Mechanical ventilation is only justified when its benefits outweigh its risks. Inappropriately high tidal volumes are known to be harmful to lungs with adult respiratory distress syndrome, with an adverse effect on mortality.2
This is also likely to be true for lung transplants. It has been our clinical experience that increased mechanical ventilation in the single-lung transplant with excessive dynamic hyperinflation and primary graft failure leads to increasing dynamic hyperinflation within the native lung and subsequent cardiovascular collapse. However, it is possible that there is also direct injury to the transplanted lung from inappropriate mechanical ventilation.

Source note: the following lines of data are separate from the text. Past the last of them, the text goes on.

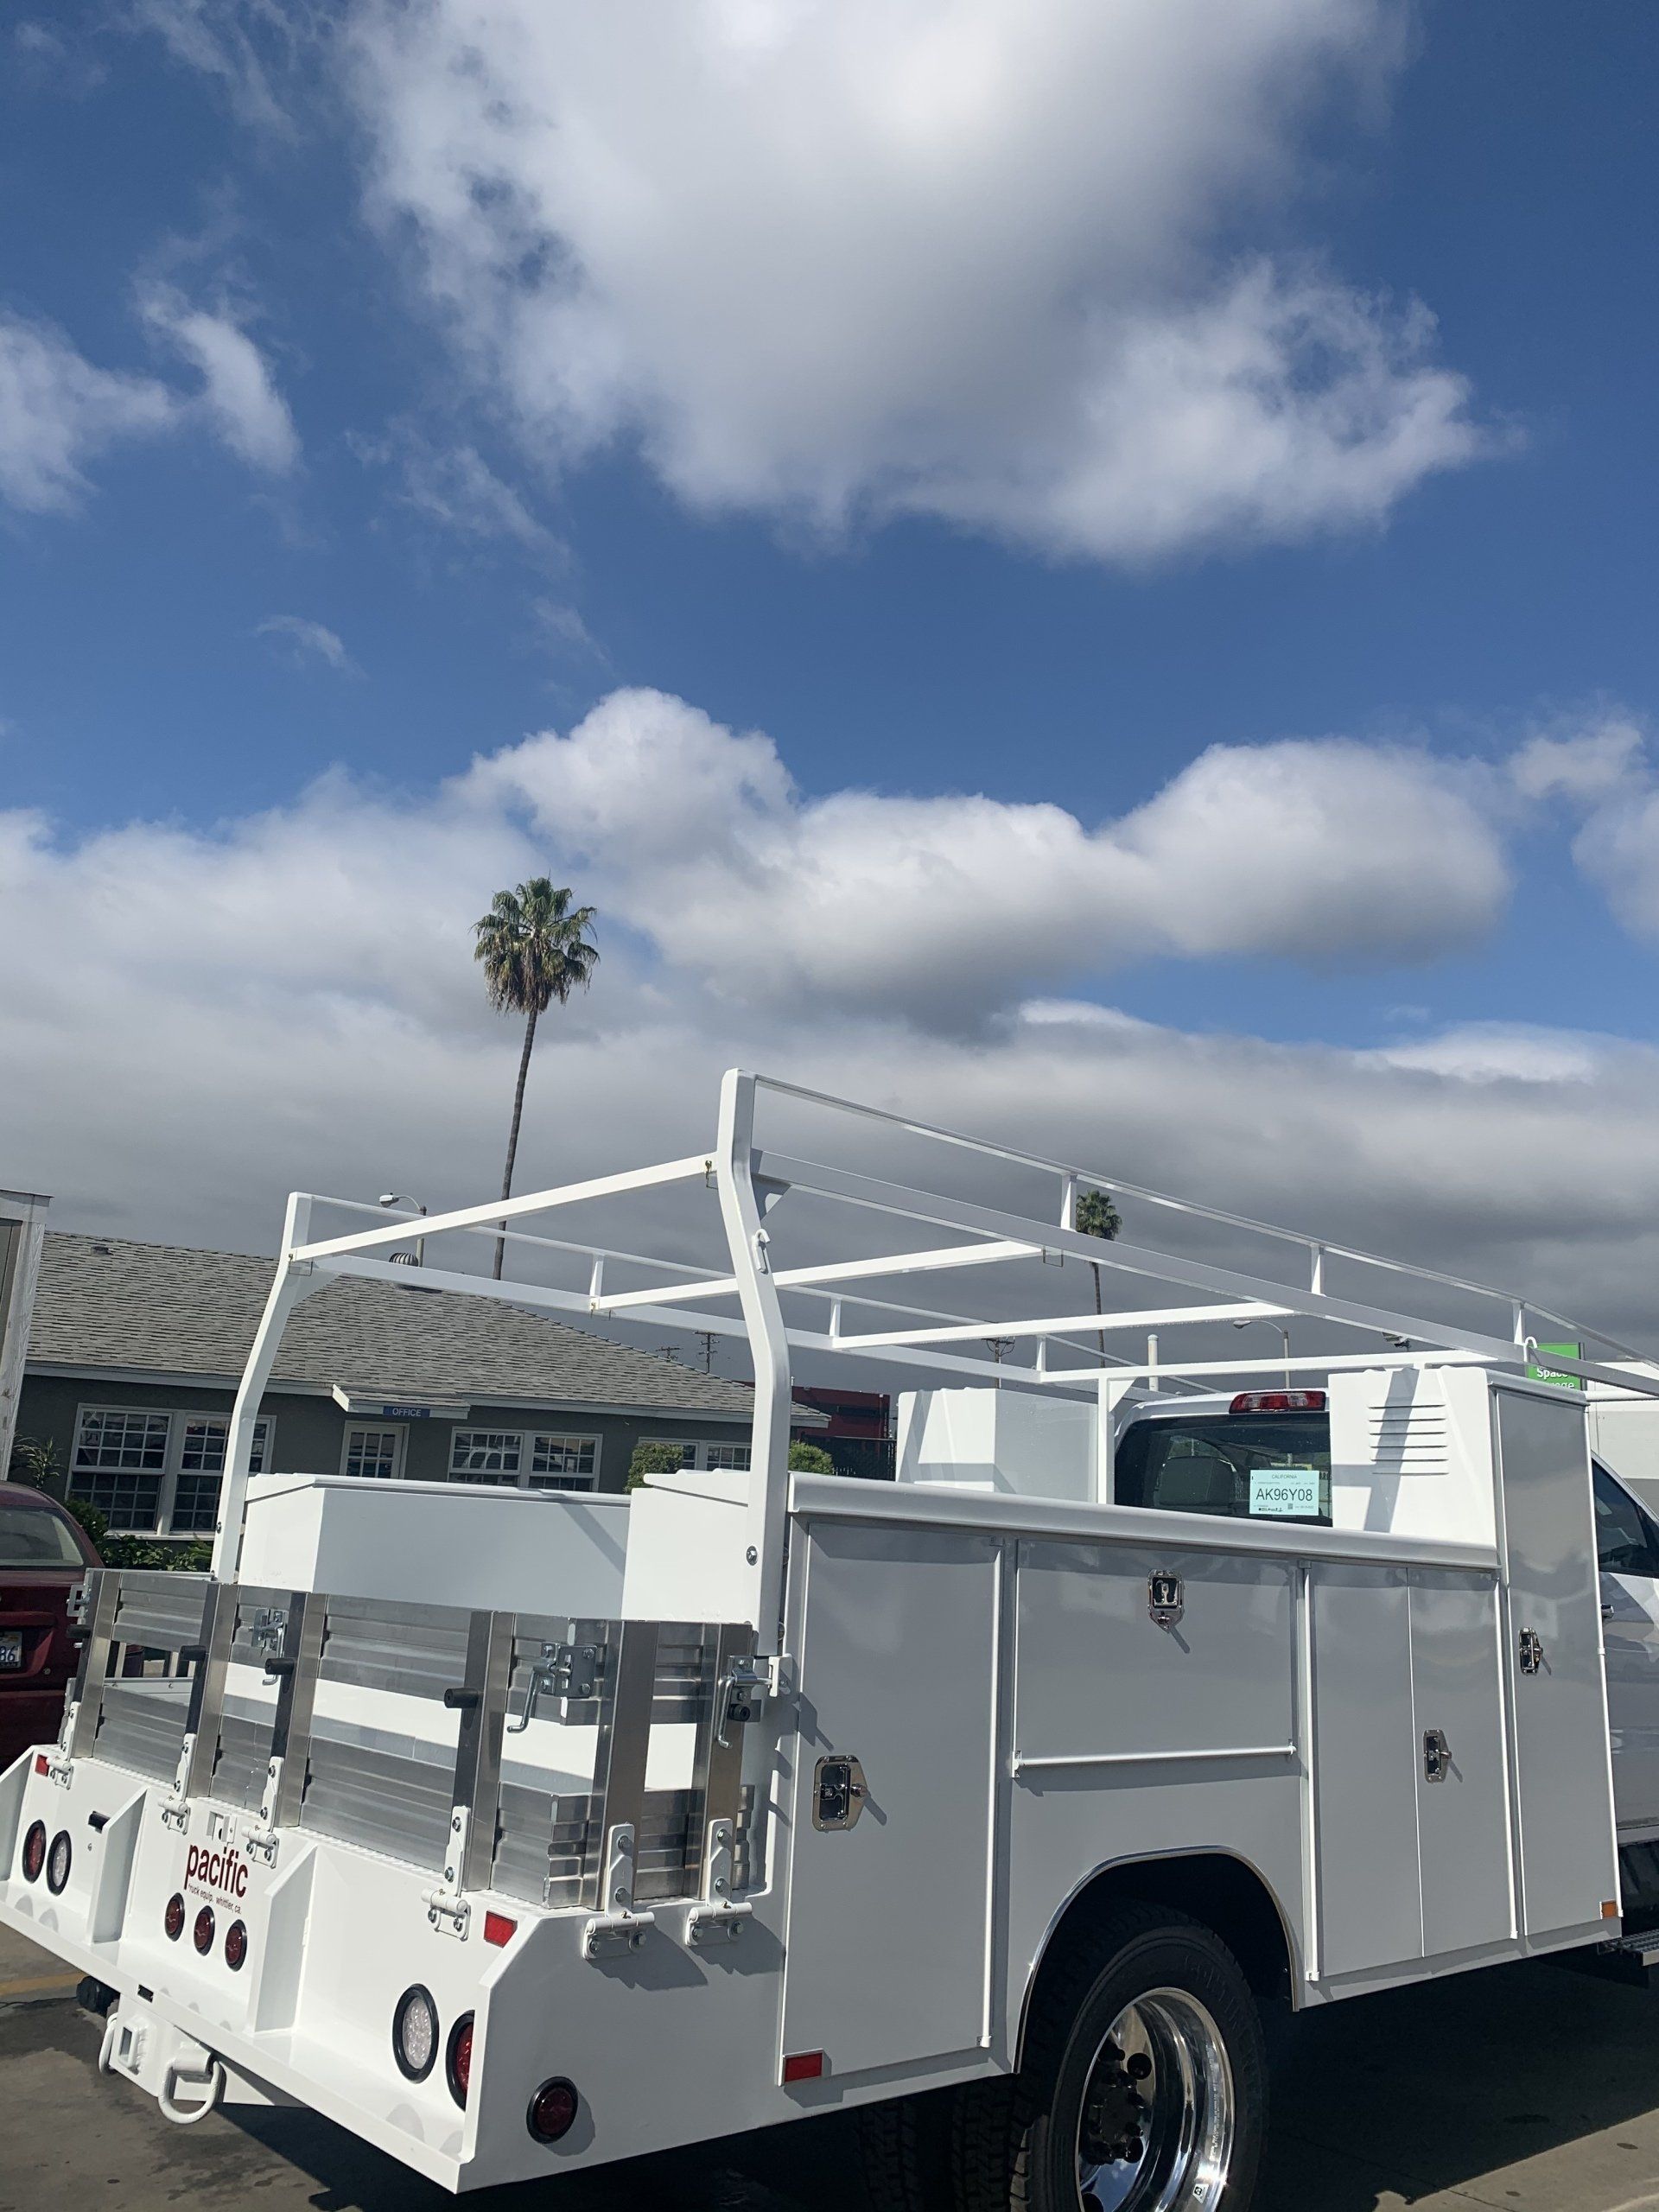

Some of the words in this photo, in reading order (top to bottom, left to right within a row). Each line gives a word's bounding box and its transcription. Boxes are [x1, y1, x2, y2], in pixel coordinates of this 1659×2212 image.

[392, 1408, 422, 1417] OFFICE
[1255, 1488, 1313, 1502] AK96Y08
[184, 1845, 248, 1897] pacific
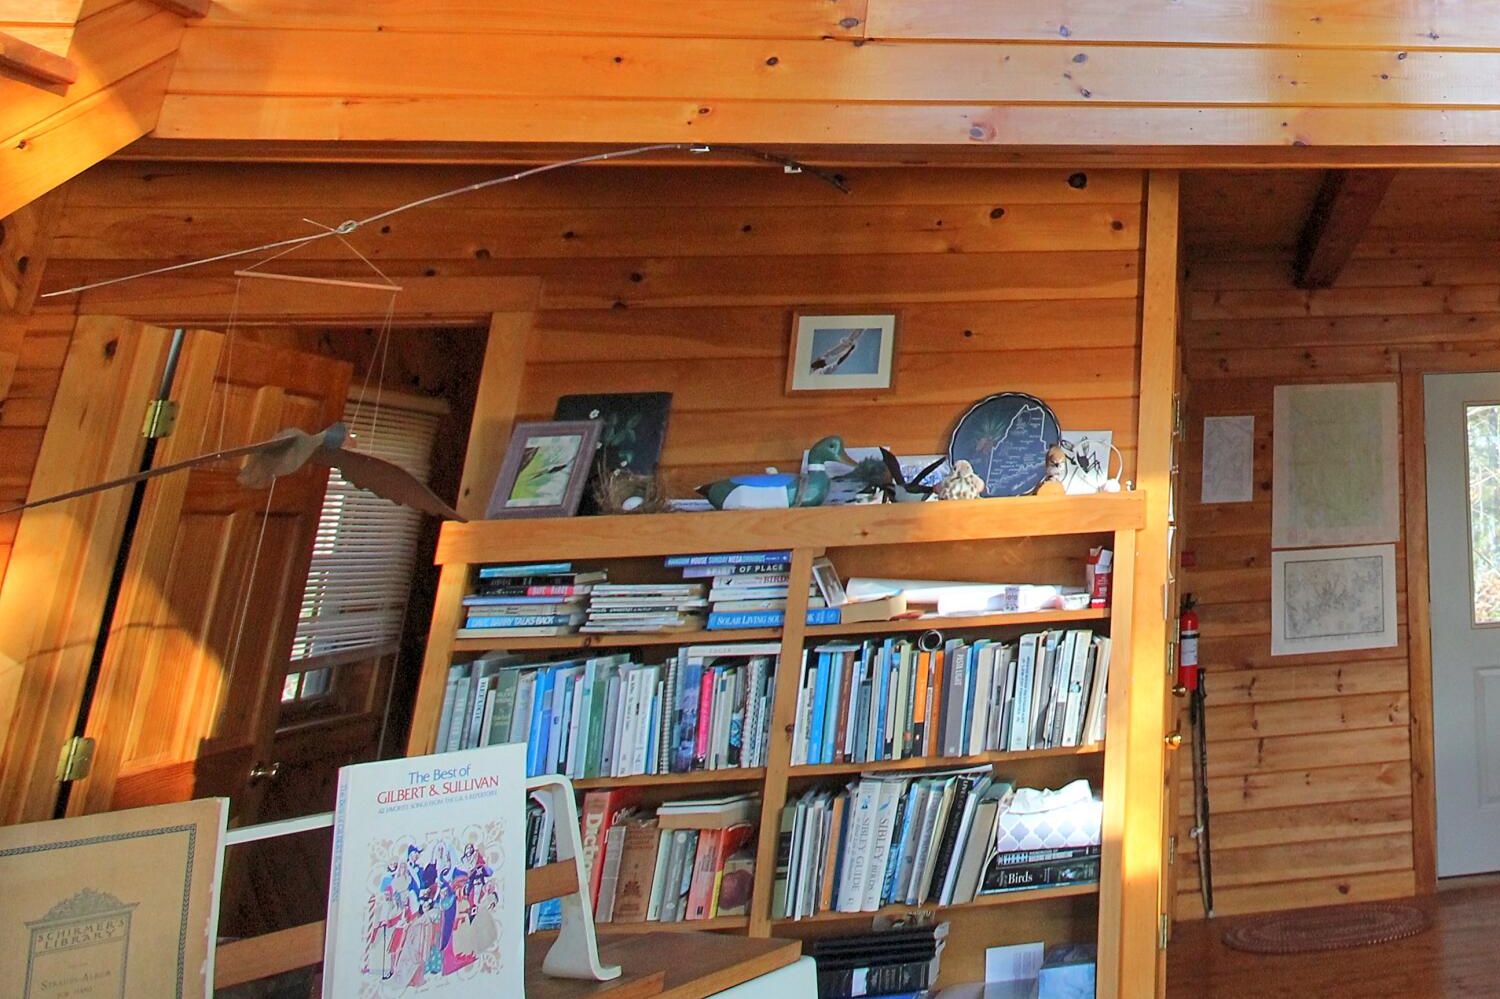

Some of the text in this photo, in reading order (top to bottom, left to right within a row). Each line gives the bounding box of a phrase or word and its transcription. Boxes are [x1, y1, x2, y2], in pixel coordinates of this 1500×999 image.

[739, 565, 752, 573] OF
[754, 564, 784, 573] PLACE
[513, 616, 536, 626] TALKS
[536, 615, 554, 625] BACK
[717, 616, 741, 626] SOLAR
[742, 614, 767, 625] LIVING
[474, 680, 487, 720] REFUGE
[408, 764, 472, 785] The Best of
[377, 775, 500, 805] GILBERT & SULLIVAN
[857, 814, 870, 852] SIBLEY
[874, 817, 889, 861] SIBLEY
[852, 855, 864, 890] GUIDE
[1008, 870, 1033, 884] Birds
[44, 929, 117, 950] LIBRARY

Delineating this can be difficult because, owing to the contribution of the native lung, a healthy patient with a functioning single graft has a lower arterial oxygen tension/inspired oxygen fraction (PaO
2/FIO
2) ratio than that of a "similar patient" with a double-lung transplant. At extubation, single-lung transplants have lower PaO
2/FIO
2 ratios than double-lung transplants.3
The intermediate outcomes in these 2 groups are similar. It has been suggested that the definition of primary graft failure should be changed to reflect this.4
Since the program began at the Alfred Hospital, there have been many advances in all aspects of lung transplantation. Anesthetic techniques have steadily evolved rather than undergoing "quantum" change over this time.5
Early extubation of appropriate candidates is often feasible,6
and we have practiced this where appropriate. Of the 170 patients in our study,1
22 (13%) were extubated in theater before admission to the intensive care unit. Some caution is needed, inasmuch as reperfusion pulmonary edema may not reach its peak for 24 to 48 hours after transplant.
The use of protocols and guidelines has consistently been shown to reduce duration of ventilation.7
We have recently introduced a guideline such as this at our hospital with the aim of minimizing the deleterious effects of inappropriate mechanical ventilation and unnecessary intravenous fluid administration to achieve improved graft function and facilitate early extubation.
We thank Dr Augoustides for his comments. Progress in this area will follow a collaborative, multicenter, and international approach to further define the best management of lung transplant recipients.